A: The laboratory has to understand its business, who its customers are, and what its customers’ needs are. If the lab is doing outreach work and serving physicians’ offices, then they have a group of customers who have a certain expectation that they can collect their specimens during the day as patients are visiting the doctor’s offices. Doctors are going to want to have the results the next morning for all the lab work they ordered the day before, which creates a set of objectives or goals for the laboratory and the automation so that work can be run at night and be ready for the doctors the next morning. That’s a simple example, but understanding who your customers are and what [their] needs are is important to putting this all together.
Another tip is when you decide you’re going to do some automation, it’s typical to call all the different vendors and start looking at different systems and narrow it down to two or three or maybe even one. When you talk to these vendors, they will do the workflow analysis for you and they’ll come up with the design of an automation system that they think will meet your workflow. But, I am a strong proponent of trying to do your own workflow analysis independently because if you simply accept what the vendors come up with for you, how can you be sure they’re correct? They obviously are in the business of trying to sell stuff, so if you’re taking their word for it with the workflow analysis, they may be recommending something that you don’t need or they may overlook something you do need. The only way to avoid that is to do your own workflow analysis.

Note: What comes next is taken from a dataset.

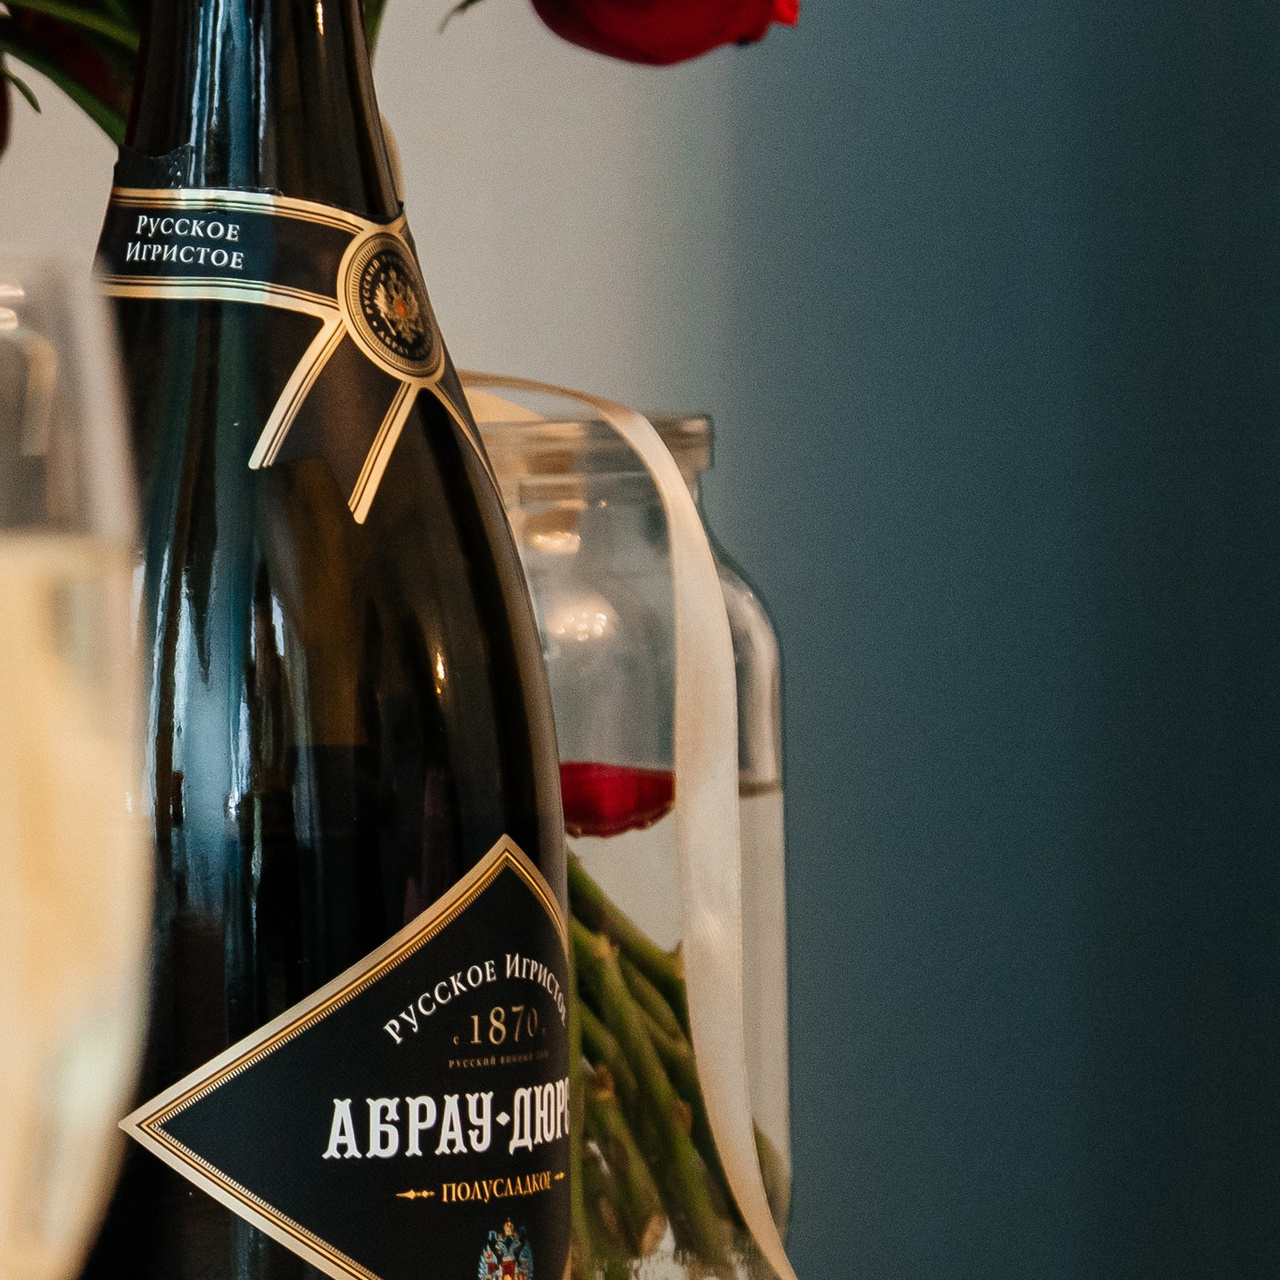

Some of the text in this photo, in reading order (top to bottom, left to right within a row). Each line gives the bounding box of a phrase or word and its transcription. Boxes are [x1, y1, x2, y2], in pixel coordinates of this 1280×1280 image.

[135, 214, 240, 242] РУССКОЕ
[125, 240, 244, 270] ИГРИСТОЕ
[383, 959, 497, 1045] РУССКОЕ
[470, 1004, 538, 1046] 1870

I also recommend visiting labs hat have the automation from that vendor. The vendor may have customers that have had very successful implementation of their automation and those are going to be the ones they’re going to want to take you to visit. If you have the opportunity to talk to the people at that laboratory without the vendor present, you may be able to ask them some frank questions about what problems they ran into with their automation. Or, if possible, try and find some laboratories that had some implementations of the automation that were problematic; find out what problems these people encountered when they were trying to do it, because you don’t want to repeat those problems.
The more you can learn, the better off you’re going be. Even if you are choosing that vendor and there’s no question that’s going to be the right system for you, still it may not be all roses when the system comes in and you’re doing the implementation. You’d like to know ahead of time what some of the problems are so you can come up with a good implementation plan with contingencies. Unless your hospital is building you a whole new facility and you can put in the new system while your old analyzers and systems are still running, which is the exception, you’re going to have some disruption and some analyzers are going to have to be moved or shut down for a while if you’re replacing some old automation with some new automation. You’re going to have to come up with a plan of how you’re going to deliver the service to your customers while all this implementation is going on. So it’s good to talk to other people that have had that experience in order to know how to do that.